Das Wort Reichtum und Prestige, das früher den Sherpas zufloss, die in Tibet gehandelt hatten, war jetzt außer Reichweite. Bergsteigen und Tourismus wurden zu neuen Quellen lukrativer Beschäftigung, aber im Gegensatz zu den alten Händlern hatten diejenigen, die in diesen Bereichen arbeiteten, keine regelmäßige Beteiligung an der tibetischen Zivilisation und waren daher wenig geneigt, sie zu bevormunden., Darüber hinaus haben die Beendigung des Tibet-Handels und der Zustrom von Flüchtlingen die lokale Wirtschaft schwer beschädigt. Alphabetisierung in Nepal und Englisch waren begehrt,
In den sechziger und siebziger Jahren kam es in einigen Gemeinden zu einer entsetzlich raschen kulturellen Verschlechterung. Dörfer, die vor einer Generation zumindest rudimentäre Fähigkeiten im schriftlichen Tibetischen unter der gesamten männlichen Bevölkerung vorweisen konnten, hatten jetzt nur noch ein oder zwei alte Männer, die die Sprache ihrer Religion lesen konnten. Klöster, Tempel und Bibliotheken verfielen. Wertvolle Sammlungen von Druckblöcken begannen zu verrotten., Mit wenig Unterstützung für die Ausübung traditioneller Kunst mussten erfahrene Handwerker jetzt ihren Lebensunterhalt verdienen, indem sie touristische Kunst produzierten, z. B. Spiderman-Holzschnitte für den Kathmandu-Markt.

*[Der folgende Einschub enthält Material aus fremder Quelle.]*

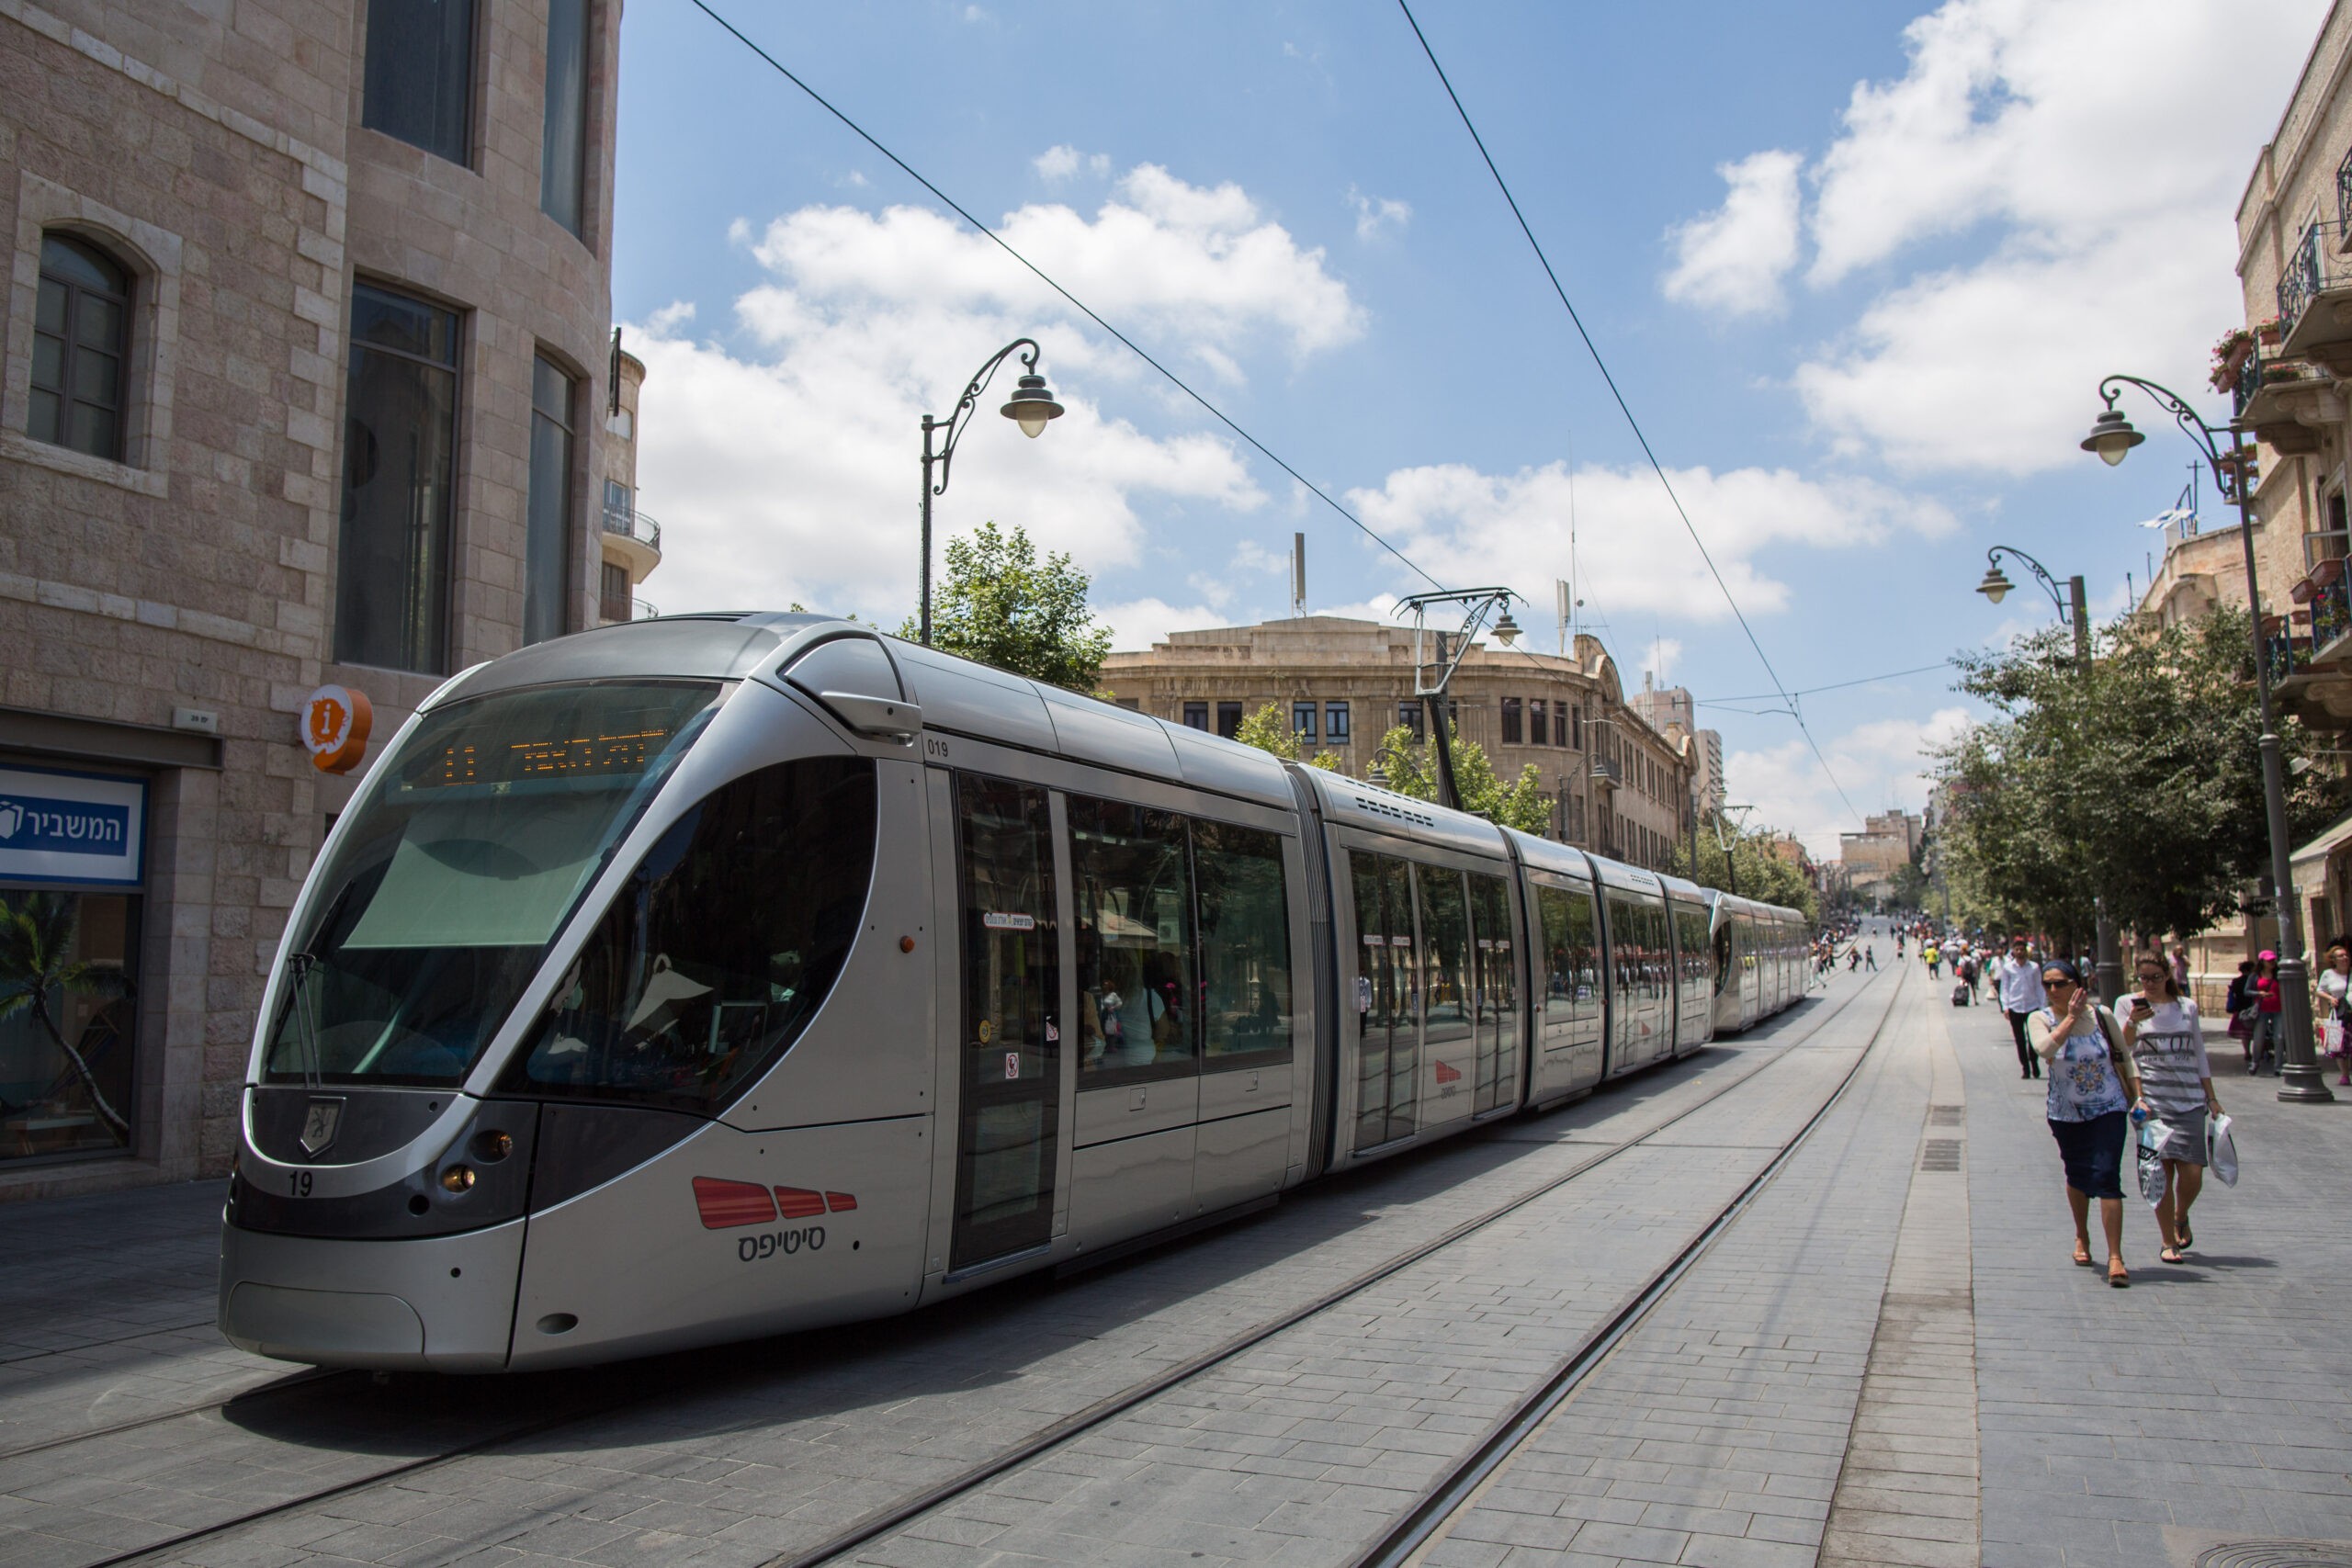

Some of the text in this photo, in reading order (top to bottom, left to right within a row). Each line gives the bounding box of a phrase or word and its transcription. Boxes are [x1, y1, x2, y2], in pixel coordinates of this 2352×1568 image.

In Khumbu, dem am stärksten frequentierten der Sherpa-Bezirke, hat sich die Situation in letzter Zeit verbessert. Das Kloster Tengboche auf dem Weg zum Mount Everest hat durch die Bemühungen seines fleißigen Abtes und vieler einheimischer und ausländischer Freunde seine Position als lebendiges Zentrum des Sherpa-Buddhismus bekräftigt., Weiter südlich, jedoch, in Solu und seinen umliegenden Bezirken, Wertvolle Schreine, Bibliotheken und Druckereien sind dringend restaurierungsbedürftig. Der Tsibri-Tempel, zum Beispiel die wichtigste Sammlung tibetischer Druckblöcke in Nepal, verrottet aus einfachen Gründen eines geeigneten Lagers, dessen Bau wahrscheinlich nicht mehr als 1500 US-Dollar kosten würde. Sangye Tenzins Bibliothek, die Bücher enthält, von denen angenommen wird, dass sie einzigartig sind, erfordert Unterstützung für die Neuveröffentlichung seltener Texte, die sonst verloren gehen könnten., Die Blocksammlungen von Chiwong, Mendopake, Cole und anderen Tempeln sind alle in schlechtem Zustand. Diese Beispiele können verzehnfacht werden.
Es ist zu hoffen, dass die Sherpas nach Ablauf der gegenwärtigen Periode intensiven Kulturwandels ein Gleichgewicht zwischen ihren alten Traditionen und ihren gegenwärtigen nationalen und internationalen Rollen finden werden; denn letztendlich hängt das Überleben der Sherpa-Kultur von den Sherpas selbst ab. Eine gewisse ausländische Unterstützung kann jedoch von Vorteil sein, wenn sie auf lokal konzipierte Projekte und Institutionen angewendet wird, die wirklich Soforthilfe benötigen., Fahrlässigkeit wird in diesen Fällen nur der nächsten Generation ein ärmeres Erbe hinterlassen und zu wenig, um es wieder aufzubauen.